#### [THE PROBLEM]
Print every entry below exactly, leaving out the pictures.

⟨

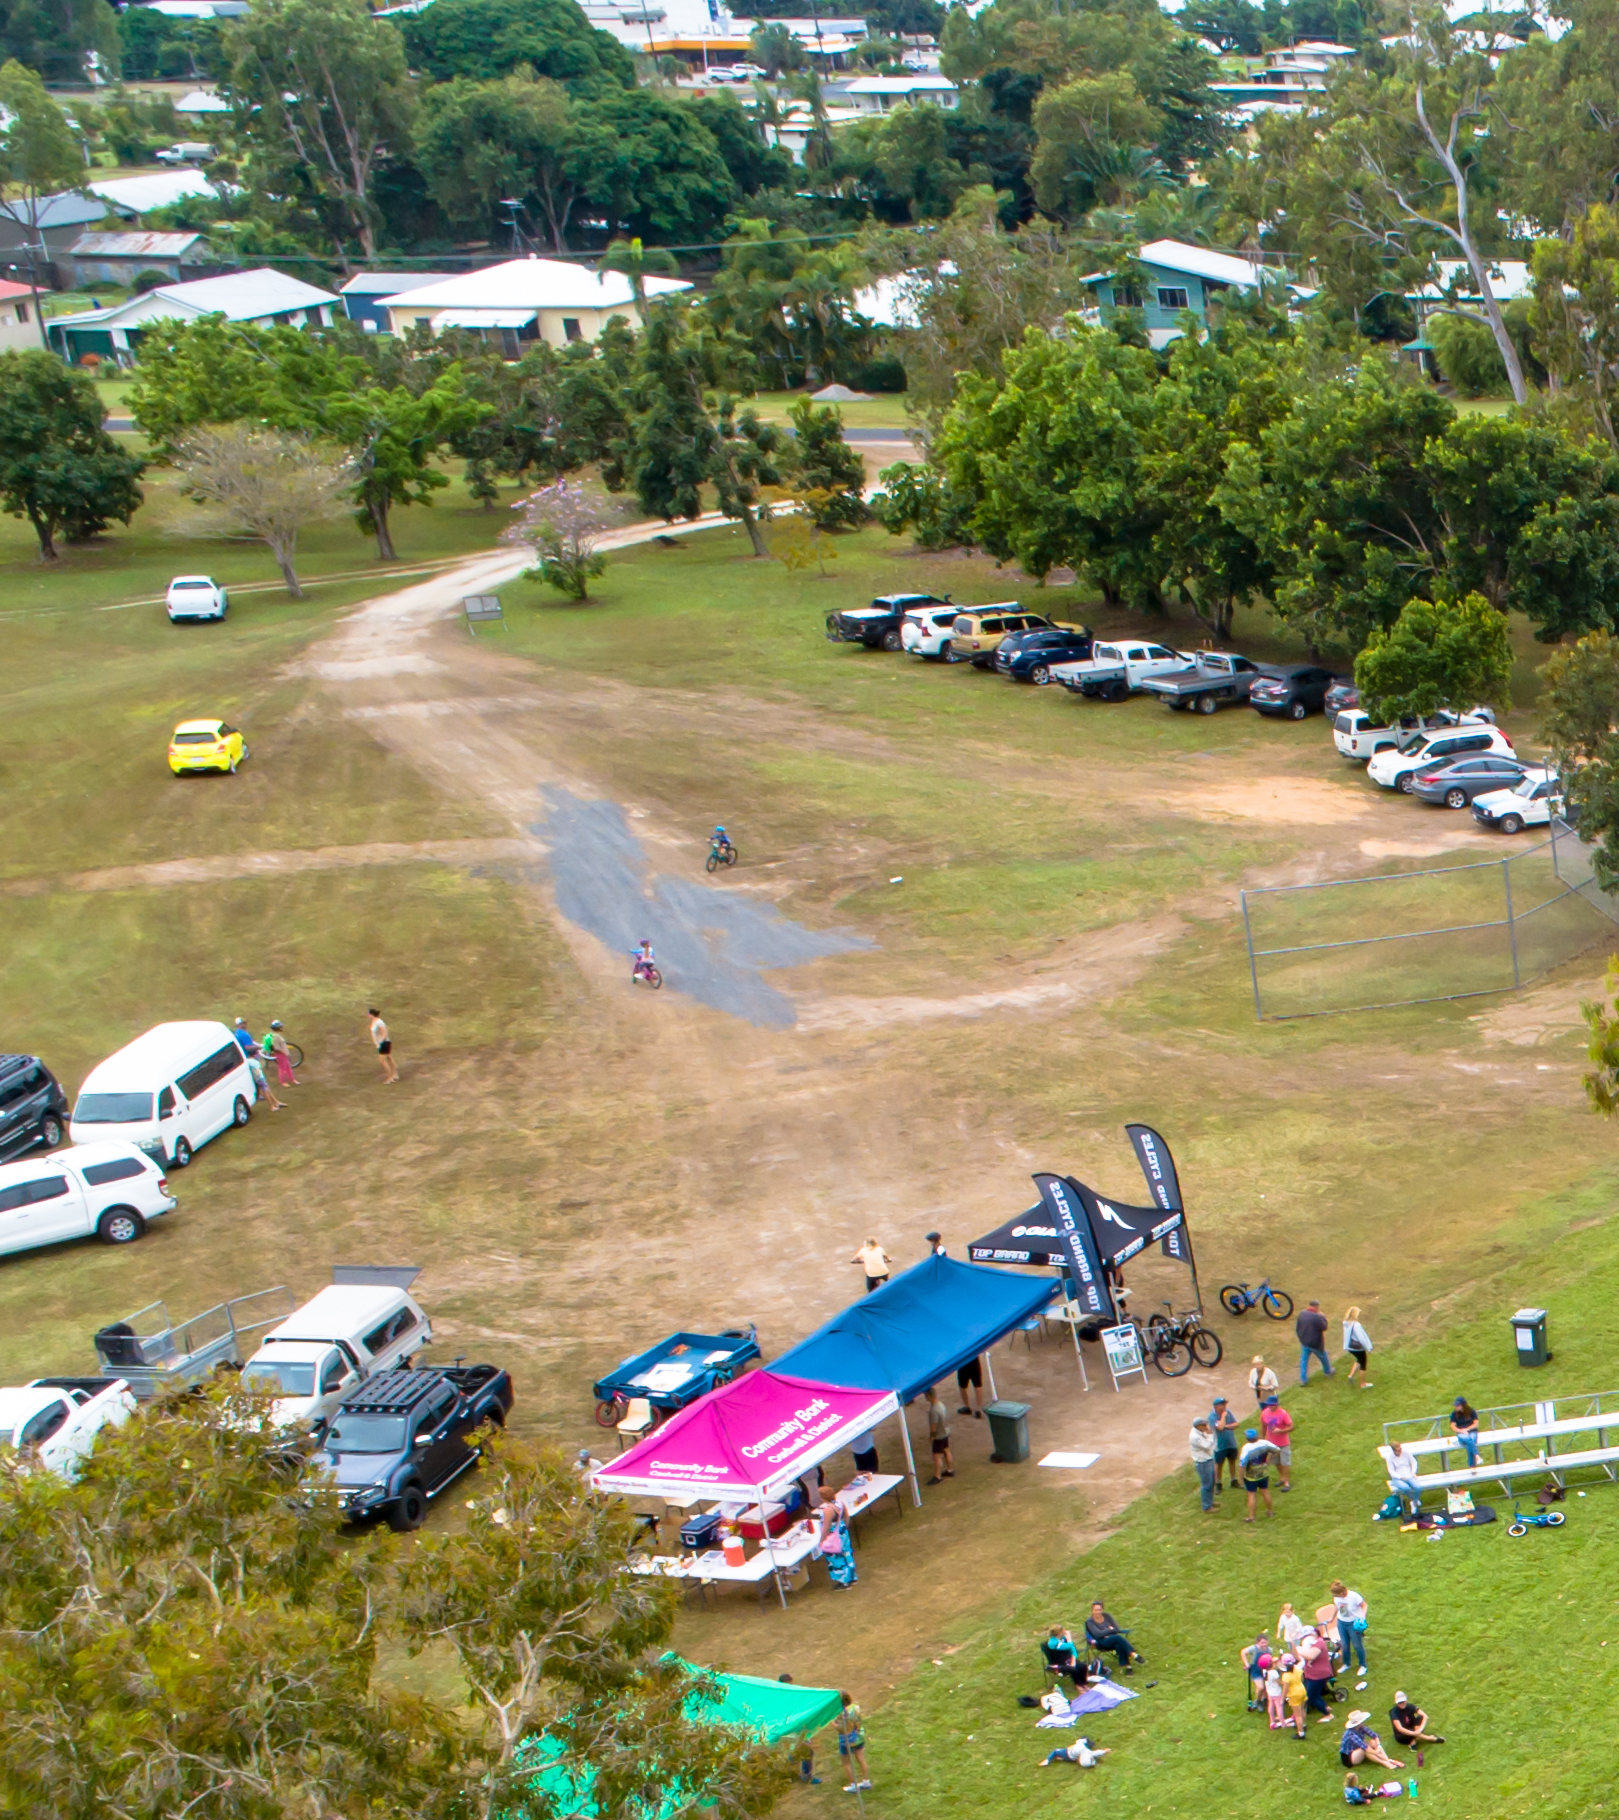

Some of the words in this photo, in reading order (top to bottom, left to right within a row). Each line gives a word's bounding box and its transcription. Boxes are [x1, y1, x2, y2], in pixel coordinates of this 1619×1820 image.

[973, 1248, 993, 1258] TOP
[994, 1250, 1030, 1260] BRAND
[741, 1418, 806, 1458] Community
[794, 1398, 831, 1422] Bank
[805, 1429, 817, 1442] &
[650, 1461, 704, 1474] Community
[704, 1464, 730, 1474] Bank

⟩

#### [RESPONSE TO THE TASK]
Some of the words in this photo, in reading order (top to bottom, left to right within a row). Each line gives a word's bounding box and its transcription. Boxes are [x1, y1, x2, y2], in pixel coordinates of this 1619×1820 image.

[973, 1248, 993, 1258] TOP
[994, 1250, 1030, 1260] BRAND
[741, 1418, 806, 1458] Community
[794, 1398, 831, 1422] Bank
[805, 1429, 817, 1442] &
[650, 1461, 704, 1474] Community
[704, 1464, 730, 1474] Bank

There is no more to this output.